*** Opening of Data supplied ***
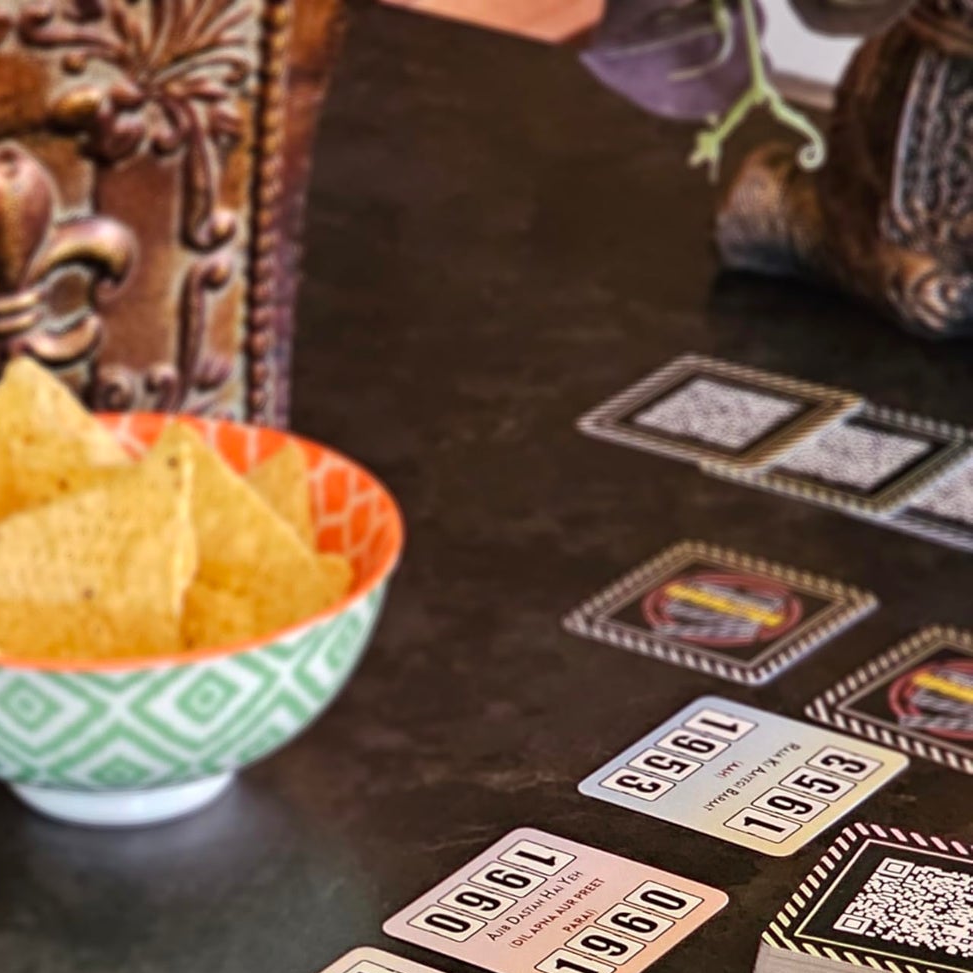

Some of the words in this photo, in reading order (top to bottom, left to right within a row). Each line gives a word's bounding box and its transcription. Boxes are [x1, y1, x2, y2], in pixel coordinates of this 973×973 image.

[614, 716, 740, 795] 1953
[733, 765, 767, 789] AAYEGI
[773, 742, 802, 758] RAJA
[703, 787, 740, 812] BARAAT
[742, 753, 868, 834] 1953
[423, 849, 557, 934] 1960
[486, 924, 511, 942] AJIB
[506, 899, 546, 926] DASTAN
[539, 885, 564, 900] HAI
[558, 870, 584, 886] YEH
[508, 931, 533, 949] (DIL
[530, 914, 558, 935] APNA
[555, 899, 579, 916] AUR
[573, 877, 606, 900] PREET
[562, 908, 600, 933] PARAI)
*** Close of Data supplied ***
The task
An exact copy of the entries above, with no pictures, is the required answer.

Response to this task
Some of the words in this photo, in reading order (top to bottom, left to right within a row). Each line gives a word's bounding box and its transcription. Boxes are [x1, y1, x2, y2], in pixel coordinates of this 973×973 image.

[614, 716, 740, 795] 1953
[733, 765, 767, 789] AAYEGI
[773, 742, 802, 758] RAJA
[703, 787, 740, 812] BARAAT
[742, 753, 868, 834] 1953
[423, 849, 557, 934] 1960
[486, 924, 511, 942] AJIB
[506, 899, 546, 926] DASTAN
[539, 885, 564, 900] HAI
[558, 870, 584, 886] YEH
[508, 931, 533, 949] (DIL
[530, 914, 558, 935] APNA
[555, 899, 579, 916] AUR
[573, 877, 606, 900] PREET
[562, 908, 600, 933] PARAI)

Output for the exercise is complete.